市立医院重症监护室的空气里,弥漫着消毒水与陈旧血腥混合的味道。
窗外的暴雨已经停了,但雨痕在玻璃上蜿蜒,像极了陈伯此刻紊乱的血管脉络。
孟远站在病床前,左手死死攥着那根银针。
他的右手神经彻底坏死,指尖没有任何知觉,就像两块冰冷的废铁。
但他必须用左手,完成这场违背常理的施针。
病床上,陈伯全身瘫痪,呼吸微弱得几乎听不见。
只有心电监护仪发出的“滴——滴——”声,像是在倒计时。
怀表就在孟远的口袋里。
它不再倒走,而是彻底静止。
指针停在19:43分,和昏迷那一刻一模一样。
这是代价。
时间无法被永久逆转,只能被置换。
孟远深吸一口气,眼神平淡如冰。
他不需要安慰,也不需要奇迹。
他只需要精准。
像钟表齿轮咬合那样精准。
“你疯了。”
一个沙哑的声音从门口传来。
彭刚并没有被拘留。
或者说,他花钱买通了关系,此刻正穿着一身湿透的风衣,站在病房门口。
他的手里没有武器,只有一支注射器。
里面是肾上腺素。
高浓度的、足以让心脏骤停的剂量。
“只要这一针下去,”彭刚嘴角扯出一丝虚伪的笑意,“抢救无效。自然死亡。”
孟远没有回头。
他的目光锁定在陈伯的后背。
那里有七处穴位,对应着陈伯体内被强行逆转的时间线。
“针在你心里。
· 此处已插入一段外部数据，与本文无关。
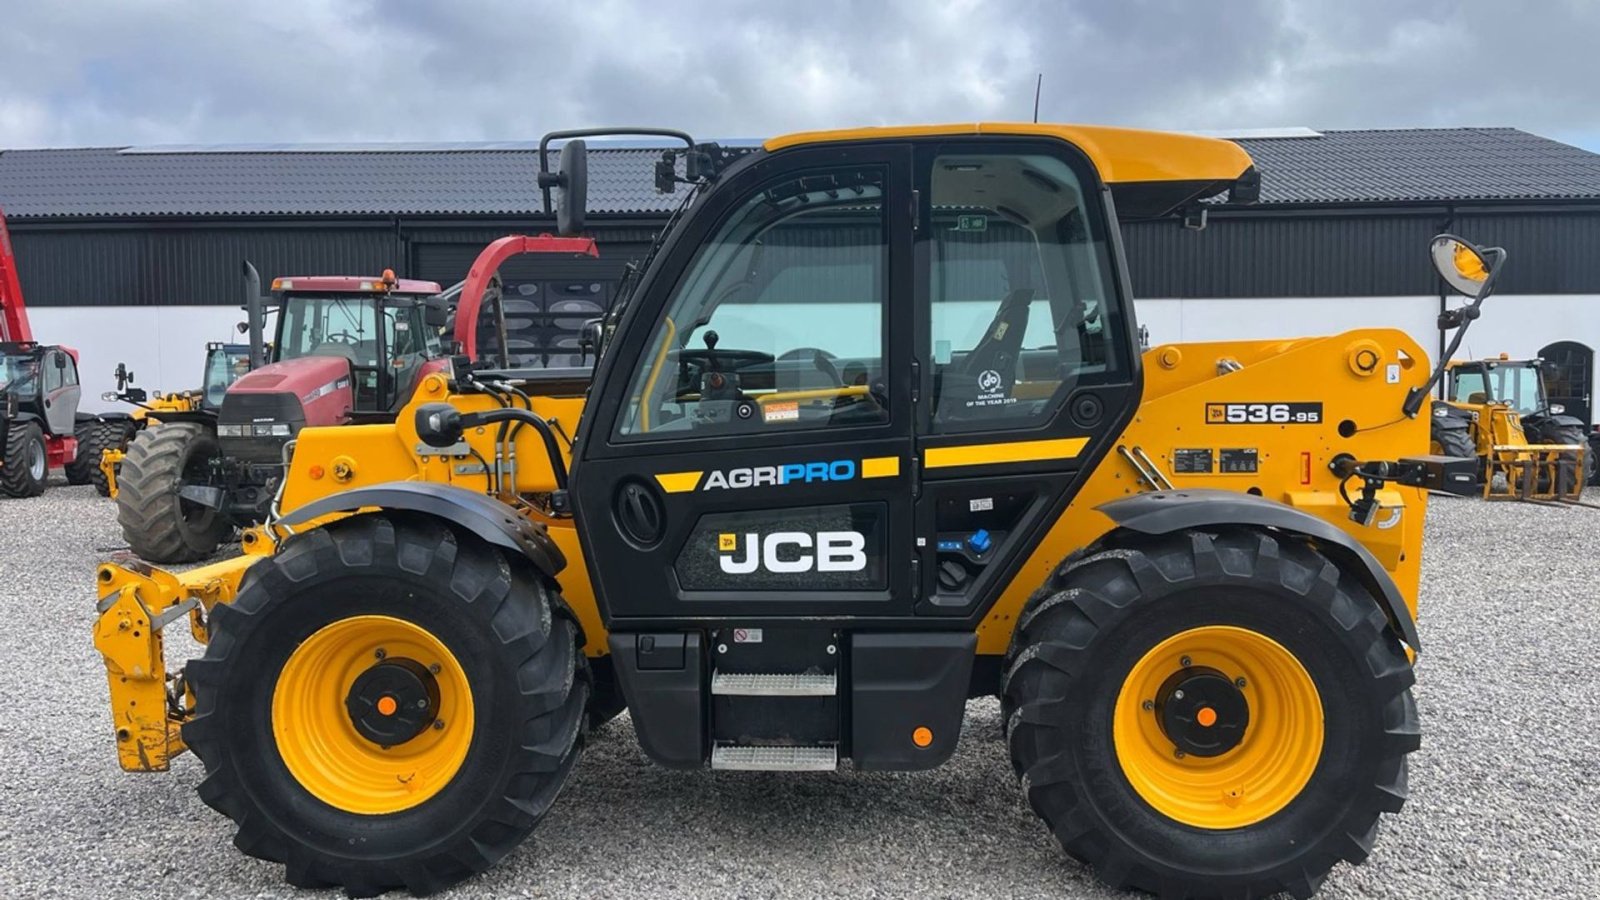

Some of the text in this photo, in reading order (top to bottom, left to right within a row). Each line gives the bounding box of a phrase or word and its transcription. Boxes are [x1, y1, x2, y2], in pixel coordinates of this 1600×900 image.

”
陈伯刚才的话还在耳边回荡。
孟远知道,这不是隐喻。
这是线索。
他抬起左手,银针在灯光下折射出冷冽的寒光。
第一针,刺入膻中穴。
针尖没入皮肤的瞬间,孟远感到一股剧烈的震颤顺着手臂传遍全身。
不是疼痛。
是排斥。
陈伯的身体在抗拒这种外来力量的介入。
“住手!”彭刚冲了上来。
孟远侧身,动作不快,却刚好避开了彭刚的扑击。
右手虽然失去了触觉,但肌肉记忆还在。
那是修表匠的本能。
彭刚踉跄了一下,稳住身形,眼中闪过一丝狠厉。
“你以为你能救活他?”彭刚冷笑,“三十年前的实验,早就把他变成了怪物。”
孟远没有理会。
Preview ends here. Subscribe to continue.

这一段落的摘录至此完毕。